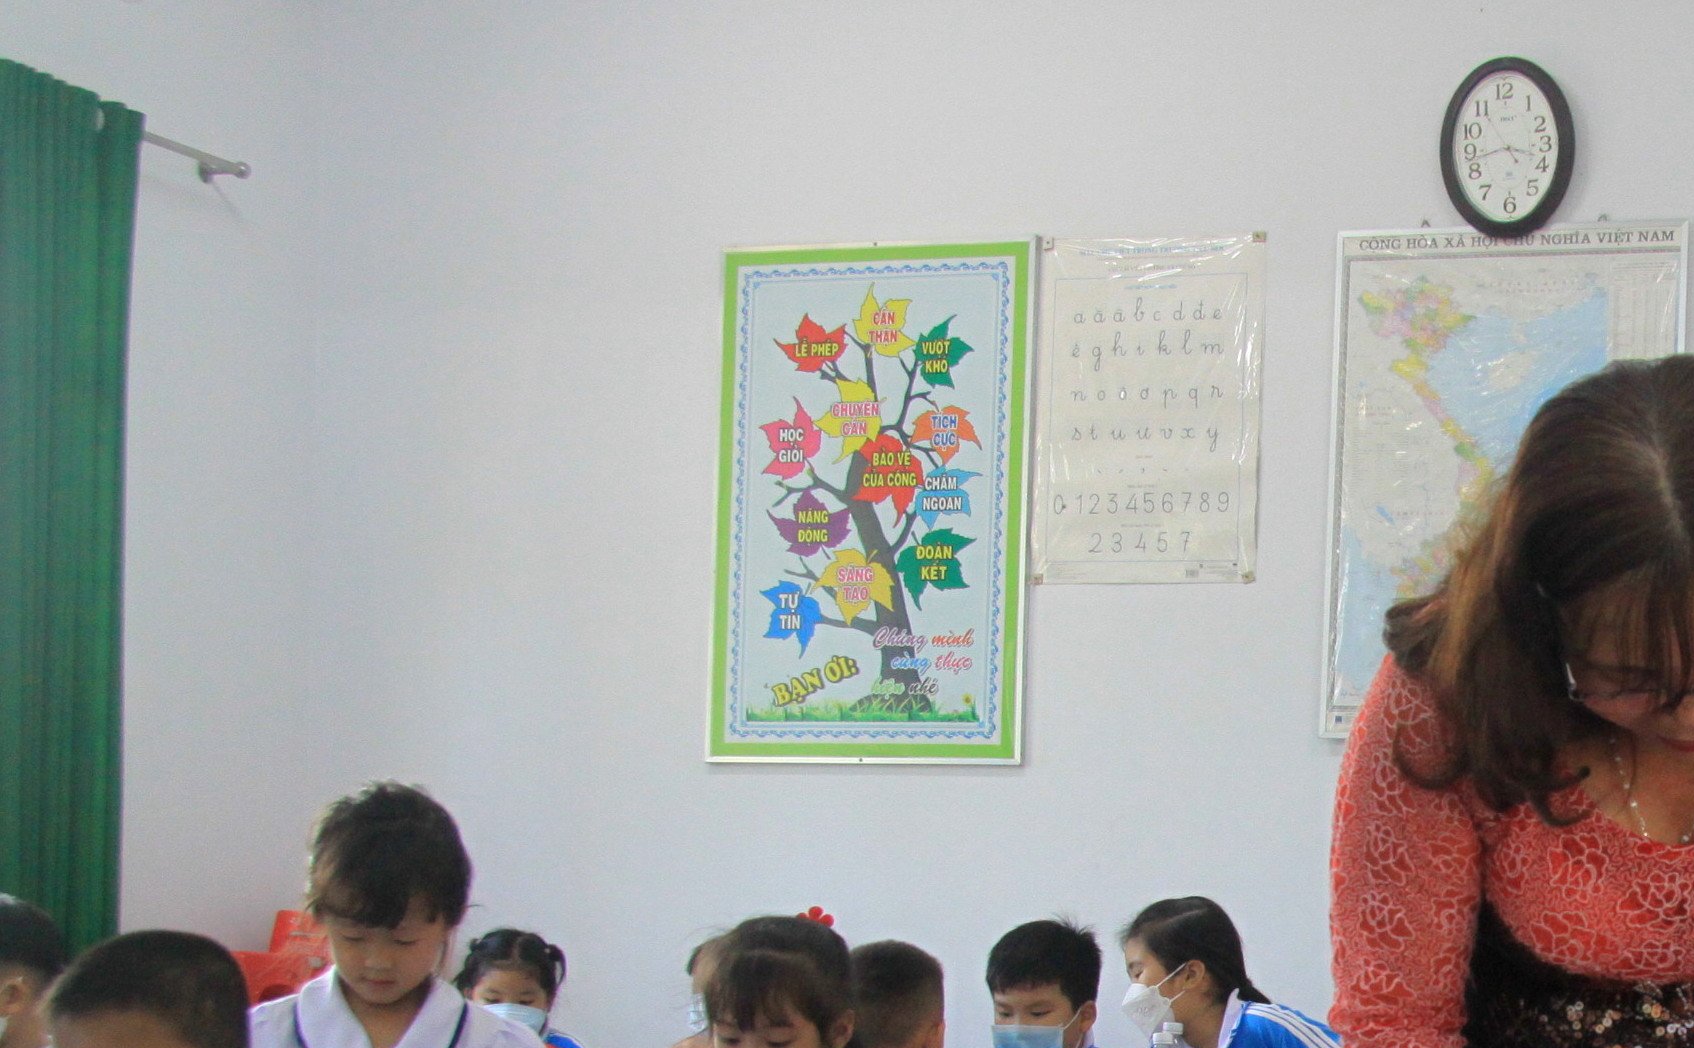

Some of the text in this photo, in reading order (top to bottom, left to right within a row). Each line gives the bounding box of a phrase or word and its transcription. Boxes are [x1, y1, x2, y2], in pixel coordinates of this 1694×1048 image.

[1496, 83, 1513, 100] 12
[1475, 100, 1489, 117] 11
[1526, 95, 1531, 112] 1
[1463, 123, 1482, 140] 10
[1534, 116, 1546, 133] 2
[1464, 143, 1477, 161] 9
[1539, 136, 1552, 153] 3
[1468, 162, 1482, 179] 8
[1535, 155, 1549, 173] 4
[1479, 184, 1492, 201] 7
[1526, 179, 1539, 196] 5
[1503, 196, 1516, 214] 6
[1597, 229, 1634, 246] VIỆT
[1638, 230, 1675, 242] NAM
[922, 497, 962, 512] NGOAN
[1053, 492, 1230, 515] 0 1 2 3 4 5 6 7 8 9
[1089, 531, 1193, 553] 2 3 4 5 7
[779, 614, 801, 630] TIN
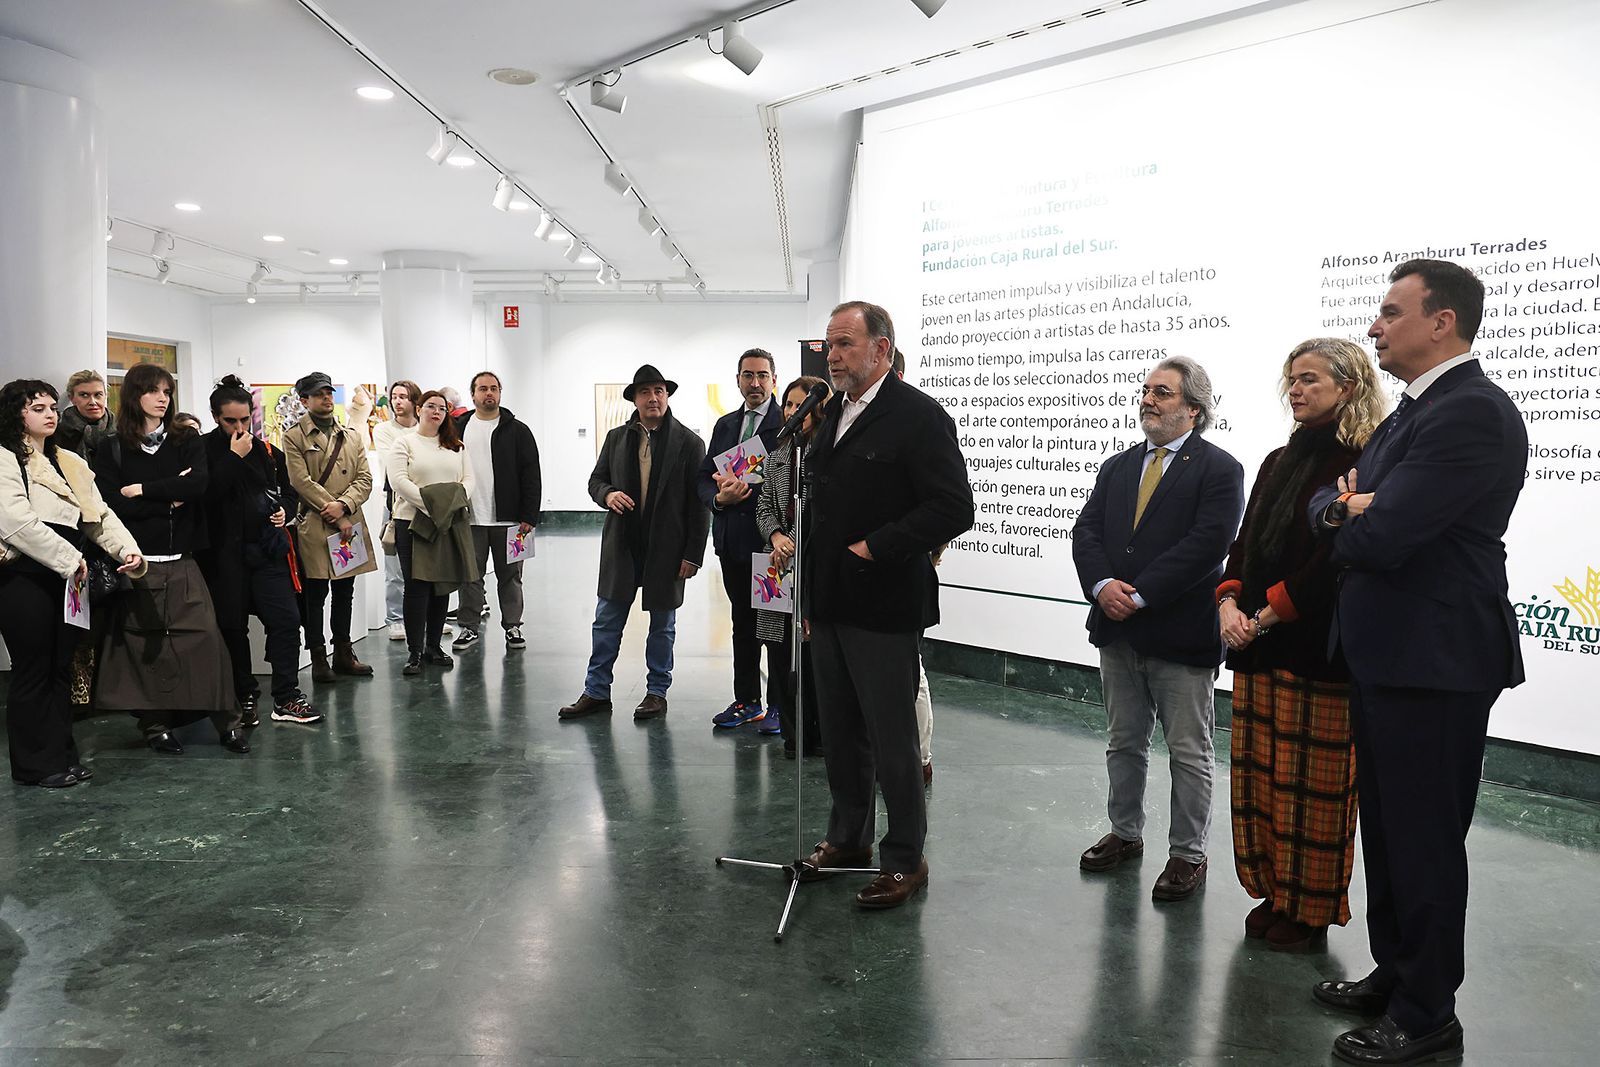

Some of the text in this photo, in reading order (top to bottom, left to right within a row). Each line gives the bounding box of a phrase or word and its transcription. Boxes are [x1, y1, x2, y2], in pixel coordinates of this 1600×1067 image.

[922, 241, 949, 256] para
[1006, 225, 1064, 241] artistas.
[922, 238, 1118, 272] Fundación Caja Rural del Sur.
[1322, 238, 1547, 269] Alfonso Aramburu Terrades
[1321, 273, 1387, 289] Arquitect
[1477, 260, 1520, 276] acido
[1526, 261, 1546, 272] en
[922, 267, 1216, 306] Este certamen impulsa y visibiliza el talento
[1321, 296, 1345, 308] Fue
[1514, 284, 1522, 297] y
[1528, 274, 1599, 293] desarrol
[921, 293, 1192, 329] joven en las artes plásticas en Andalucía,
[1484, 307, 1498, 317] ra
[1505, 304, 1517, 316] la
[1523, 300, 1587, 315] ciudad.
[922, 314, 1230, 347] dando proyección a artistas de hasta 35 años.
[1476, 325, 1525, 339] dades
[920, 348, 1167, 368] Al mismo tiempo, impulsa las carreras
[1486, 345, 1548, 359] alcalde,
[1554, 343, 1600, 357] adem
[919, 374, 971, 388] artísticas
[974, 373, 990, 386] de
[993, 372, 1010, 386] los
[1014, 370, 1109, 386] seleccionados
[1508, 369, 1527, 379] en
[1534, 365, 1600, 378] instituc
[961, 396, 968, 406] a
[971, 394, 1024, 410] espacios
[1028, 393, 1105, 410] expositivos
[1109, 392, 1127, 407] de
[1508, 386, 1589, 403] ayectoria
[959, 413, 1136, 432] el arte contemporáneo a la
[979, 437, 994, 448] en
[998, 435, 1029, 449] valor
[1033, 436, 1044, 450] la
[1047, 436, 1097, 455] pintura
[1101, 439, 1109, 454] y
[1113, 434, 1125, 452] la
[965, 456, 1012, 472] nguajes
[1016, 457, 1080, 472] culturales
[1535, 467, 1575, 480] sirve
[1001, 485, 1045, 497] genera
[1050, 486, 1067, 497] un
[981, 503, 1012, 515] entre
[992, 542, 1043, 558] cultural.
[1520, 620, 1561, 639] AJA
[1544, 640, 1600, 655] DEL SU
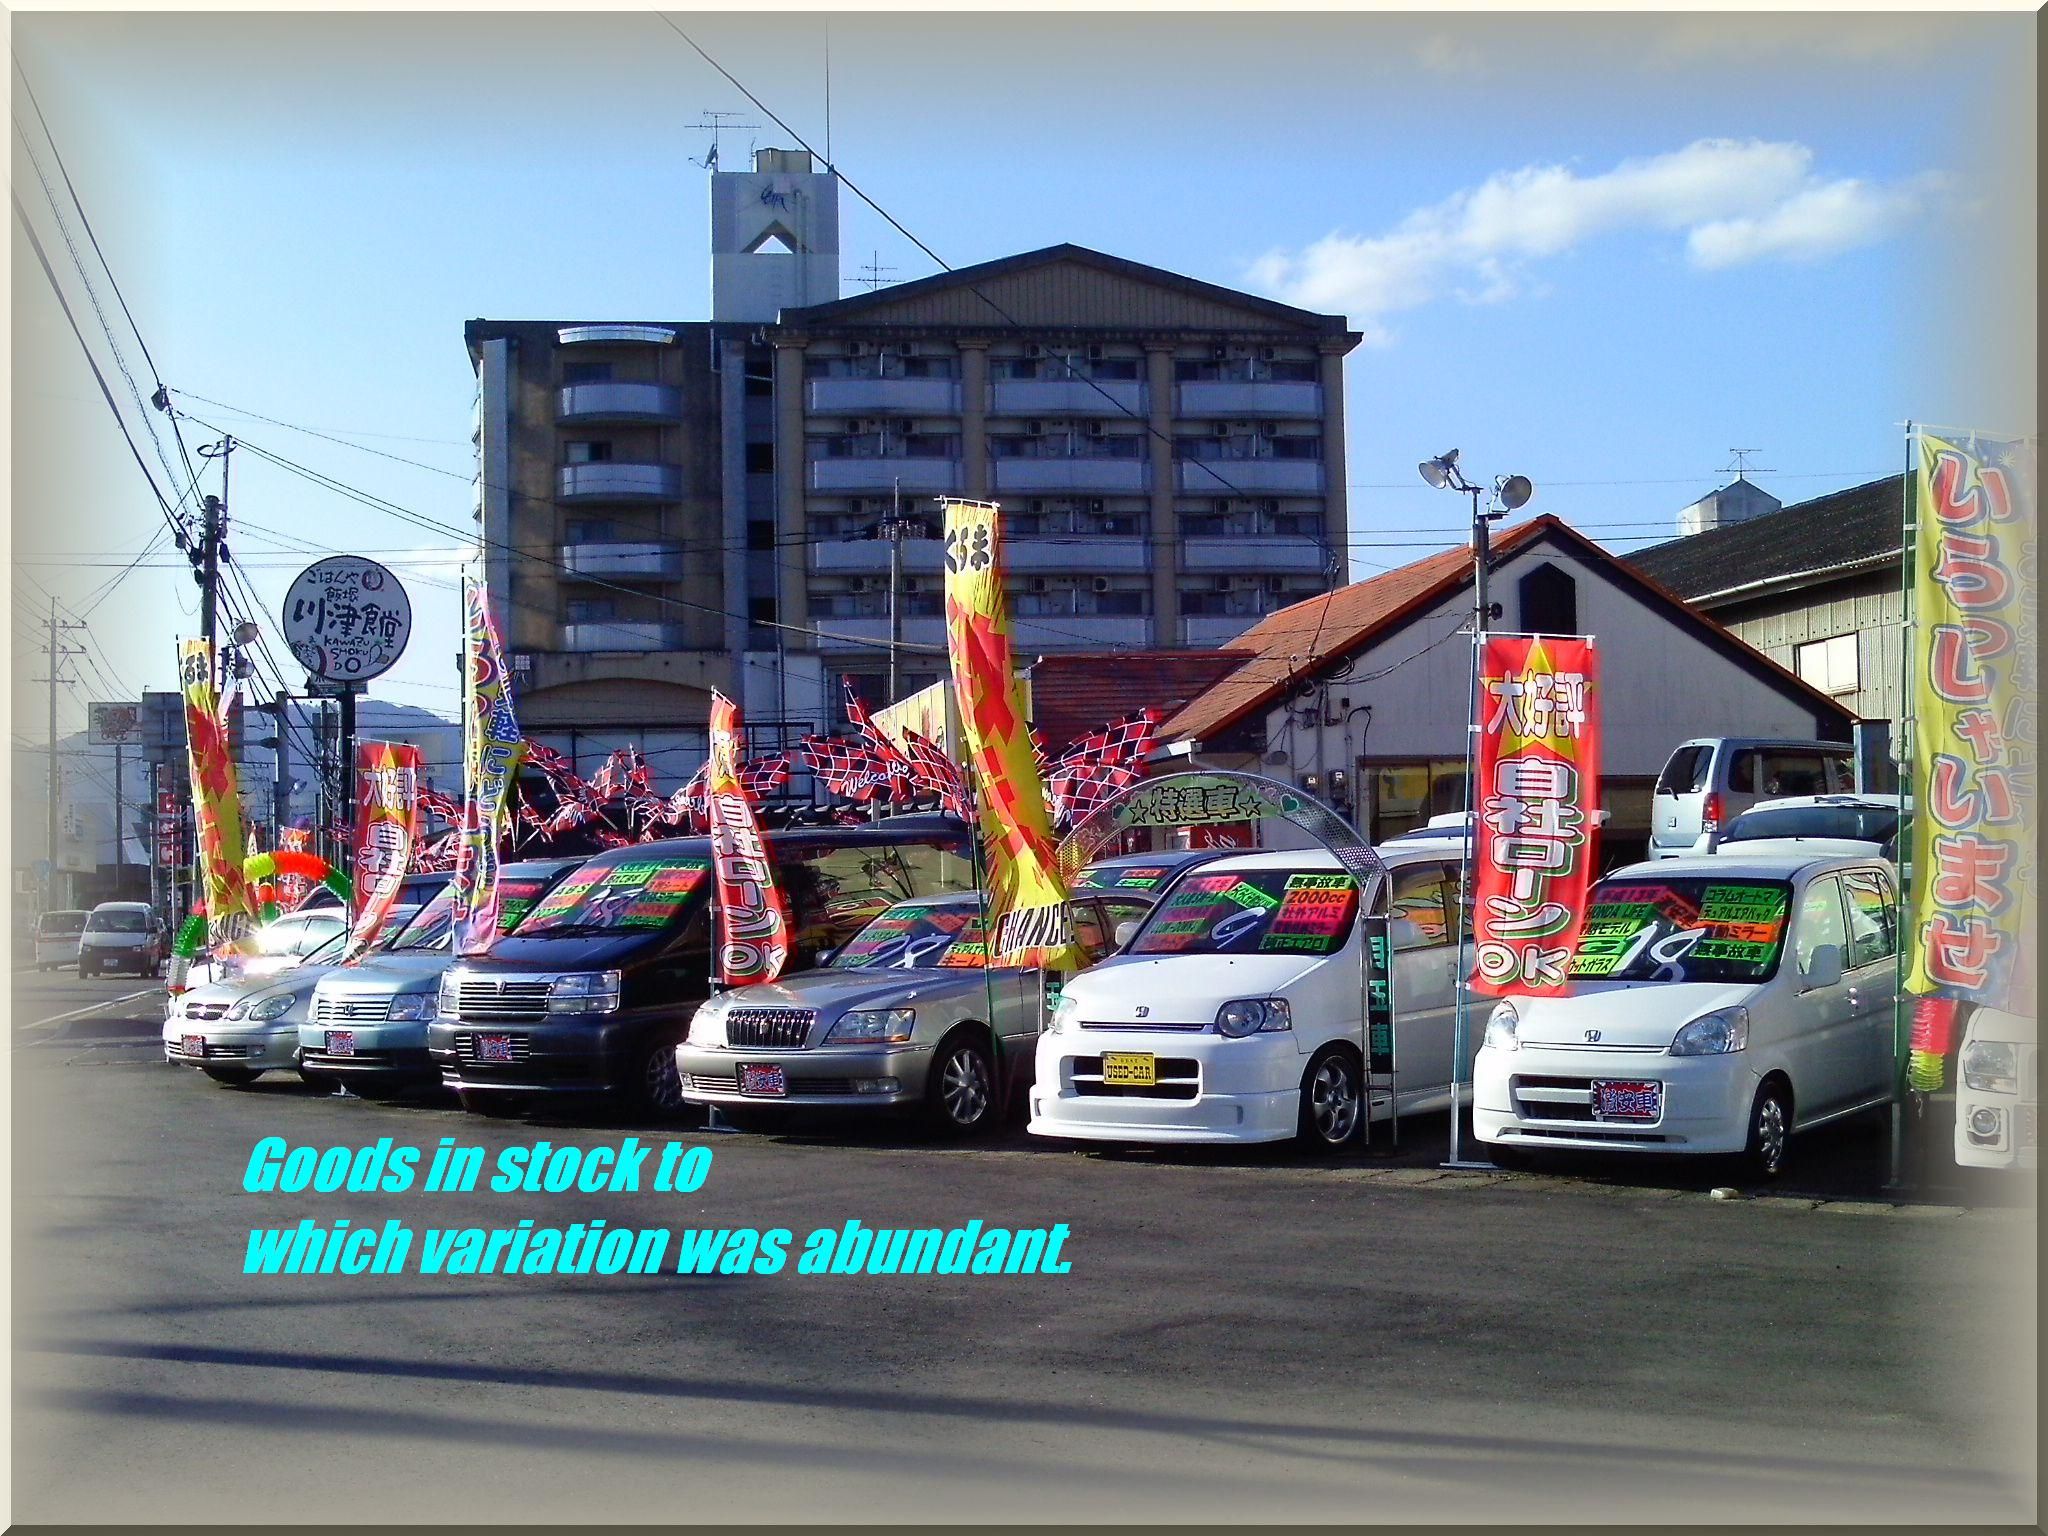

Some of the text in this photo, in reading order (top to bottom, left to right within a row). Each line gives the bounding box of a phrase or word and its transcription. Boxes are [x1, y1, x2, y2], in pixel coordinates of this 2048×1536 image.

[307, 569, 359, 585] ごはんや
[293, 598, 403, 649] 川津食堂
[1487, 669, 1585, 740] 大好評
[364, 764, 417, 812] 大好評
[1286, 891, 1347, 904] 2000cc
[1106, 1065, 1152, 1080] USED-CAR

━━━━━━━━━━━━━━━━━━━━━━━━━━━━━━

→ **What you should do**
Return the records exactly. Don't carry the pictures over.

→ **Your response**
Some of the text in this photo, in reading order (top to bottom, left to right within a row). Each line gives the bounding box of a phrase or word and its transcription. Boxes are [x1, y1, x2, y2], in pixel coordinates of this 1694×1048 image.

[1496, 83, 1513, 100] 12
[1475, 100, 1489, 117] 11
[1526, 95, 1531, 112] 1
[1463, 123, 1482, 140] 10
[1534, 116, 1546, 133] 2
[1464, 143, 1477, 161] 9
[1539, 136, 1552, 153] 3
[1468, 162, 1482, 179] 8
[1535, 155, 1549, 173] 4
[1479, 184, 1492, 201] 7
[1526, 179, 1539, 196] 5
[1503, 196, 1516, 214] 6
[1597, 229, 1634, 246] VIỆT
[1638, 230, 1675, 242] NAM
[922, 497, 962, 512] NGOAN
[1053, 492, 1230, 515] 0 1 2 3 4 5 6 7 8 9
[1089, 531, 1193, 553] 2 3 4 5 7
[779, 614, 801, 630] TIN

Some of the text in this photo, in reading order (top to bottom, left to right within a row). Each line gives the bounding box of a phrase or word and its transcription. Boxes are [x1, y1, x2, y2], in pixel coordinates of this 1600×1067 image.

[922, 241, 949, 256] para
[1006, 225, 1064, 241] artistas.
[922, 238, 1118, 272] Fundación Caja Rural del Sur.
[1322, 238, 1547, 269] Alfonso Aramburu Terrades
[1321, 273, 1387, 289] Arquitect
[1477, 260, 1520, 276] acido
[1526, 261, 1546, 272] en
[922, 267, 1216, 306] Este certamen impulsa y visibiliza el talento
[1321, 296, 1345, 308] Fue
[1514, 284, 1522, 297] y
[1528, 274, 1599, 293] desarrol
[921, 293, 1192, 329] joven en las artes plásticas en Andalucía,
[1484, 307, 1498, 317] ra
[1505, 304, 1517, 316] la
[1523, 300, 1587, 315] ciudad.
[922, 314, 1230, 347] dando proyección a artistas de hasta 35 años.
[1476, 325, 1525, 339] dades
[920, 348, 1167, 368] Al mismo tiempo, impulsa las carreras
[1486, 345, 1548, 359] alcalde,
[1554, 343, 1600, 357] adem
[919, 374, 971, 388] artísticas
[974, 373, 990, 386] de
[993, 372, 1010, 386] los
[1014, 370, 1109, 386] seleccionados
[1508, 369, 1527, 379] en
[1534, 365, 1600, 378] instituc
[961, 396, 968, 406] a
[971, 394, 1024, 410] espacios
[1028, 393, 1105, 410] expositivos
[1109, 392, 1127, 407] de
[1508, 386, 1589, 403] ayectoria
[959, 413, 1136, 432] el arte contemporáneo a la
[979, 437, 994, 448] en
[998, 435, 1029, 449] valor
[1033, 436, 1044, 450] la
[1047, 436, 1097, 455] pintura
[1101, 439, 1109, 454] y
[1113, 434, 1125, 452] la
[965, 456, 1012, 472] nguajes
[1016, 457, 1080, 472] culturales
[1535, 467, 1575, 480] sirve
[1001, 485, 1045, 497] genera
[1050, 486, 1067, 497] un
[981, 503, 1012, 515] entre
[992, 542, 1043, 558] cultural.
[1520, 620, 1561, 639] AJA
[1544, 640, 1600, 655] DEL SU

Some of the text in this photo, in reading order (top to bottom, left to right within a row). Each line gives the bounding box of a phrase or word and its transcription. Boxes are [x1, y1, x2, y2], in pixel coordinates of this 2048×1536 image.

[307, 569, 359, 585] ごはんや
[293, 598, 403, 649] 川津食堂
[1487, 669, 1585, 740] 大好評
[364, 764, 417, 812] 大好評
[1286, 891, 1347, 904] 2000cc
[1106, 1065, 1152, 1080] USED-CAR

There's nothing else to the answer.